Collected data
○ ○ ○ ○ ○
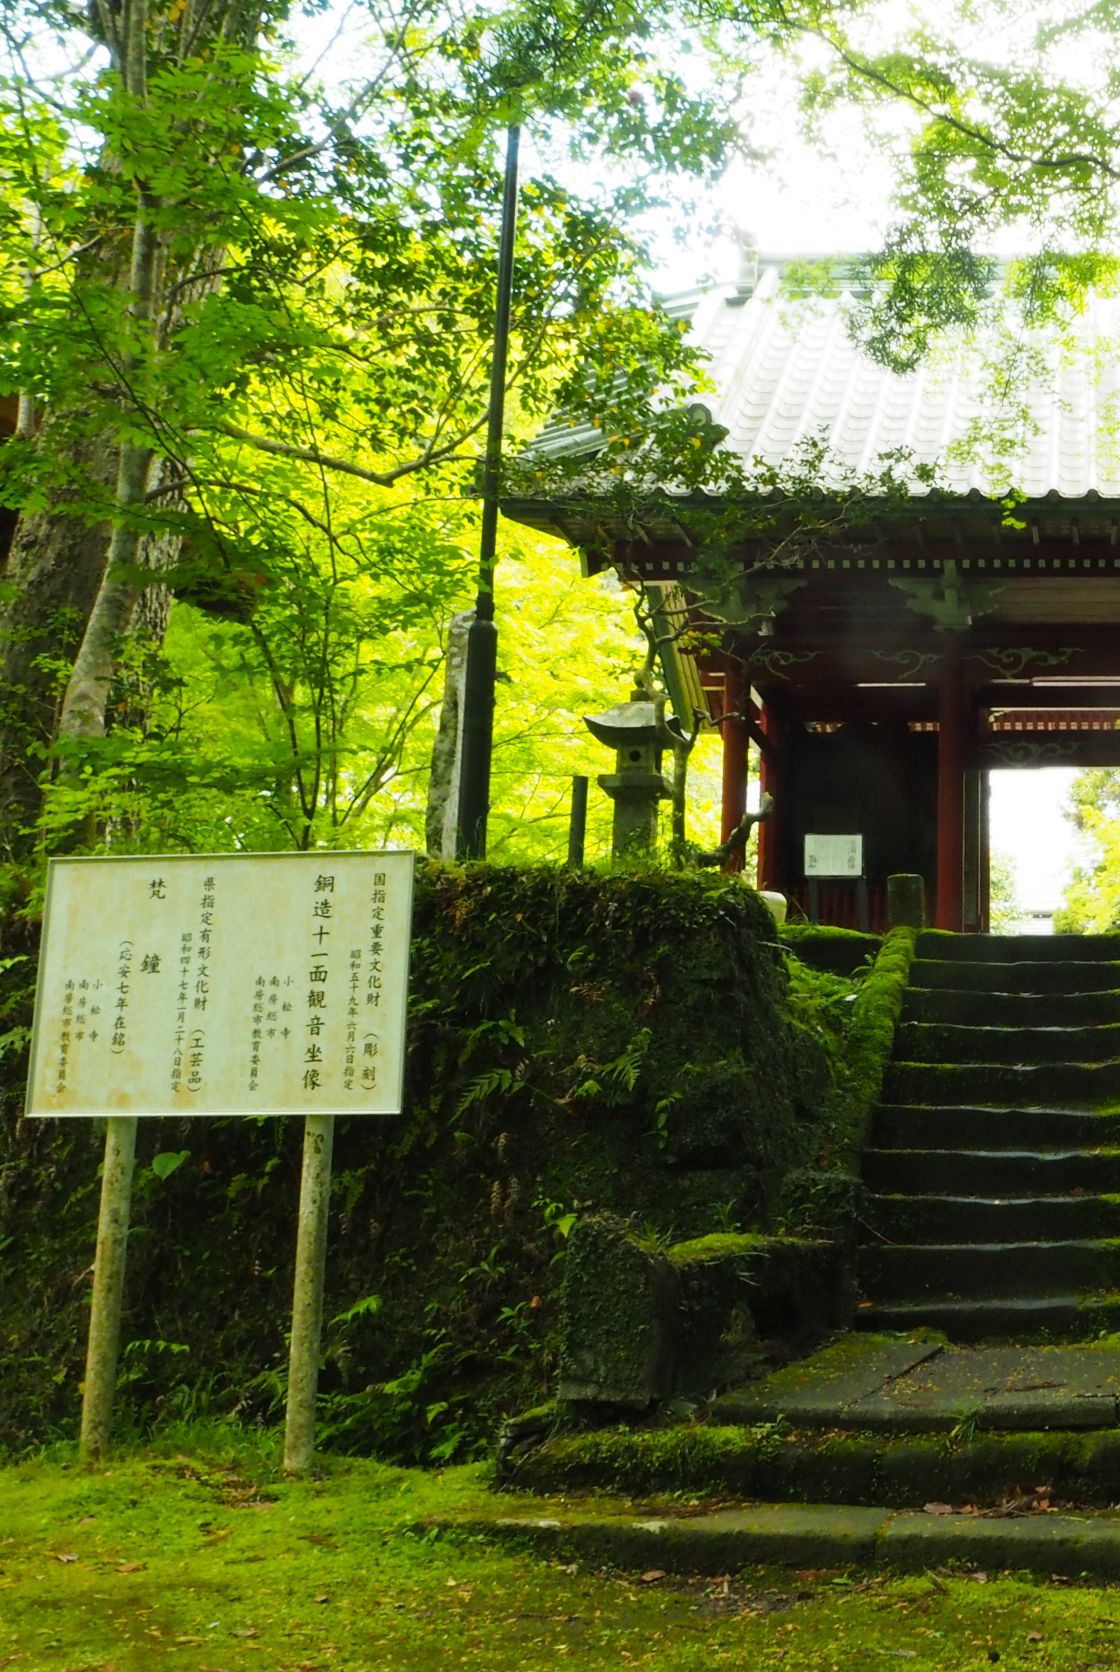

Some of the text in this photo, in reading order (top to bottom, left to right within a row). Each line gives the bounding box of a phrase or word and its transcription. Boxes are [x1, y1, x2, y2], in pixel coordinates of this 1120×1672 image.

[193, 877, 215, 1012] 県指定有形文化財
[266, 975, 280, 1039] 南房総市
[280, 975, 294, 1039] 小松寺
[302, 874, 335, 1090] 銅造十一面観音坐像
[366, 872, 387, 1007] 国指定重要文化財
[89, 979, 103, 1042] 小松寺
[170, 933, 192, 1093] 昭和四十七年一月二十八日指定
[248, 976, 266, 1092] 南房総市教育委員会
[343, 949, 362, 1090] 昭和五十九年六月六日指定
○ ○ ○ ○ ○
Action item —
The entries above are to be returned exactly, without their pictures.

Task answer —
Some of the text in this photo, in reading order (top to bottom, left to right within a row). Each line gives the bounding box of a phrase or word and its transcription. Boxes are [x1, y1, x2, y2], in pixel coordinates of this 1120×1672 image.

[193, 877, 215, 1012] 県指定有形文化財
[266, 975, 280, 1039] 南房総市
[280, 975, 294, 1039] 小松寺
[302, 874, 335, 1090] 銅造十一面観音坐像
[366, 872, 387, 1007] 国指定重要文化財
[89, 979, 103, 1042] 小松寺
[170, 933, 192, 1093] 昭和四十七年一月二十八日指定
[248, 976, 266, 1092] 南房総市教育委員会
[343, 949, 362, 1090] 昭和五十九年六月六日指定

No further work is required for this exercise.